ContentBarrier lets you block e-mail altogether, or you can filter e-mail by keyword category, a feature similar to its Web site keyword category filtering. When you have ContentBarrier set to block all e-mails, you can launch your e-mail program, but ContentBarrier will block any incoming messages. ContentBarrier doesn’t bounce the e-mail back to the sender; instead, it leaves the message on the incoming server, where it can be retrieved when the block is lifted. The e-mail blocks worked with my personal POP e-mail account, and Intego says that this feature works with POP, IMAP (but not IMAP over Secure Sockets Layer), and SMTP e-mail.

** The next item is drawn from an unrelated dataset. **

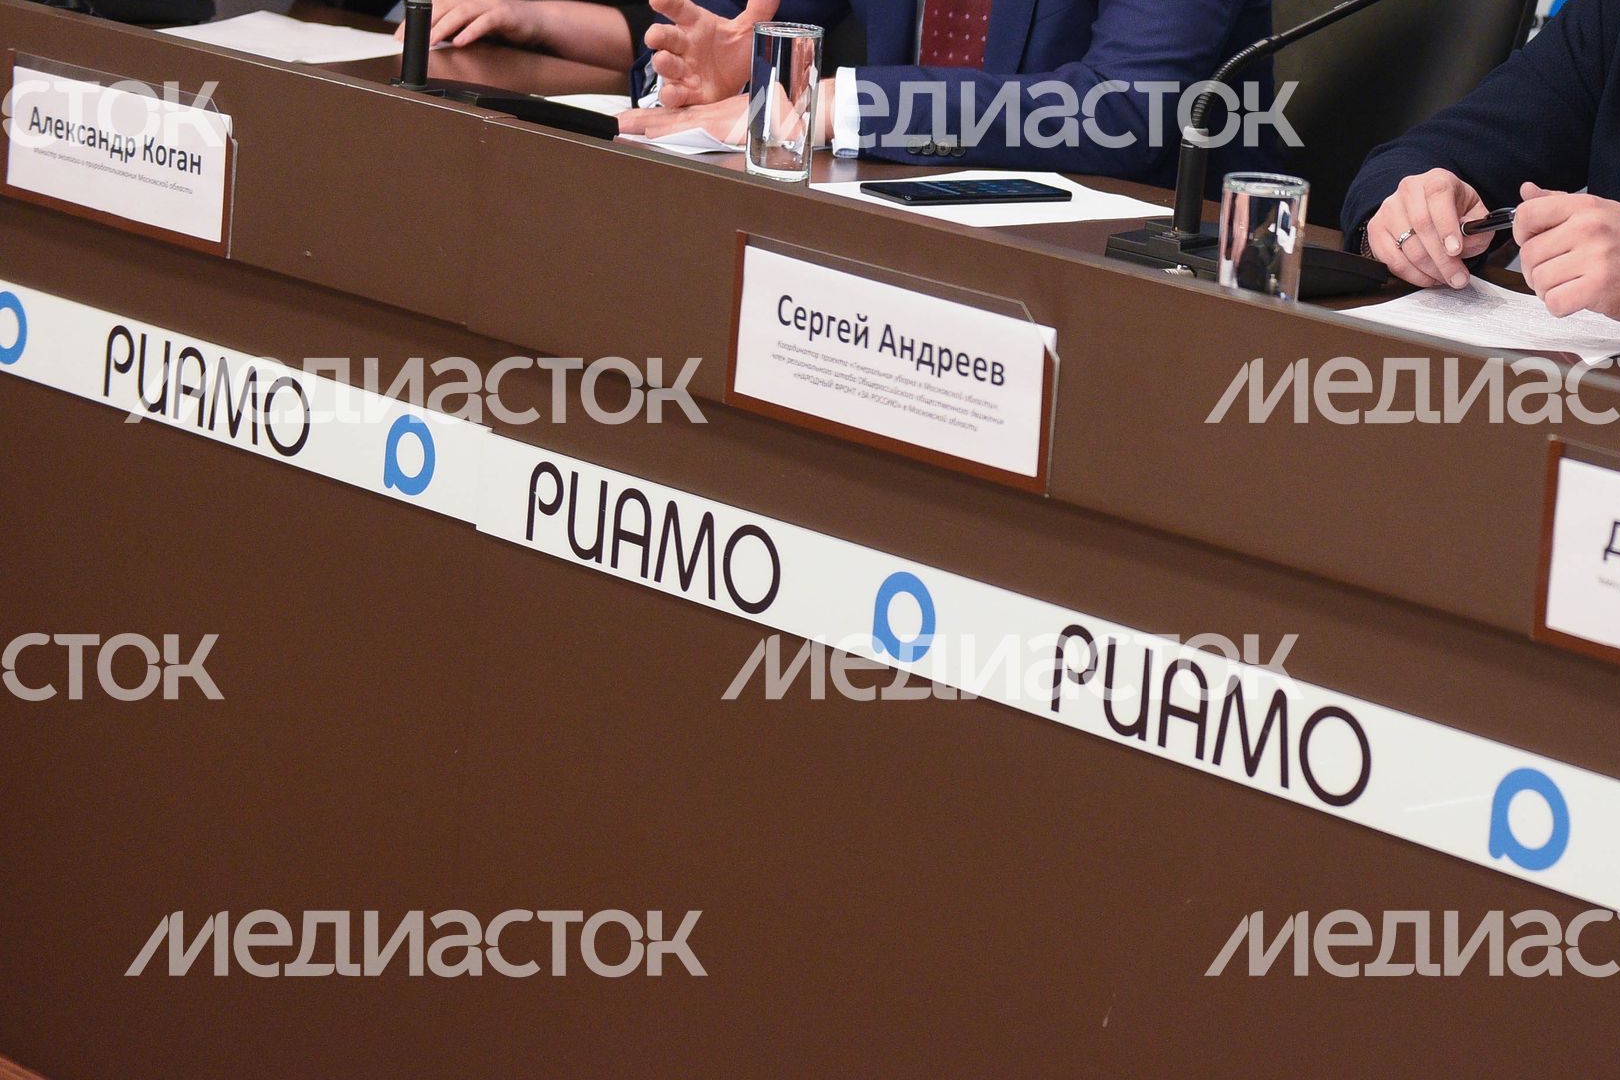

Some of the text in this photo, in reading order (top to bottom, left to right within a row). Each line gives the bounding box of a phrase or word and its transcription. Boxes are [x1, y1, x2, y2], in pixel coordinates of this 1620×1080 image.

Another major feature that ContentBarrier has, and Leopard’s Parental Controls doesn’t, is the ability to block streaming media. When a Web page with embedded media is loaded, a ContentBarrier alert displays, and you can’t play the media. It can be helpful to block just a stream instead of an entire Web site; for instance, in a research environment like a library, you may want to allow access to a Web site, but prevent users from clogging up network bandwidth with streaming media from that site. ContentBarrier can also block media streaming from iTunes.
The Schedule feature is similar to Parental Controls’ Time Limits, where you can set time zones and limits for computer access. ContentBarrier offers more flexibility by allowing you to set a schedule by the hour; for example, you can set multiple time zones of access and no access within a single day. Parental Controls only allows for a single time zone of blocked access. My only problem with this feature was that sometimes ContentBarrier crashed when I tried to modify a schedule. An Intego representative says this is a known issue and a fix is in the works.
Like Parental Controls, ContentBarrier keeps logs so you can track what has been accessed and blocked. Unlike Parental Controls, ContentBarrier can send you log reports via e-mail.
As far as ContentBarrier affecting performance, I didn’t notice any slowdowns while the application was active; Web sites loaded as fast as they would without ContentBarrier, and any program I launched and ran seemed unaffected.
A final consideration for ContentBarrier is the annual cost. The up-front price you pay for the software comes with only a year’s worth of filter updates. A year after you first use ContentBarrier, you have to pay a subscription fee in order to update the filters. It’s $29 to renew for one year, $44 for a two-year renewal. If you decide not to renew, ContentBarrier will continue to work, but filters can’t be updated. If you try to download a filter update on an expired subscription, NetUpdate will remind you that you need to renew.
Macworld’s buying advice
For many people, Leopard’s Parental Controls offer enough filtering and tools for blocking and restricting access to Web sites and potentially dangerous e-mail and chat. However, ContentBarrier X4 offers several valuable tools that Parental Controls lacks, such as hour-by-hour scheduling, an IM anti-predator filter, media stream blocking, and keyword filtering. If you have a hard time keeping up with your kids and maintaining Parental Controls, or if you have a small business where you want to cut down on non-work-related surfing, ContentBarrier X4 can be a big help.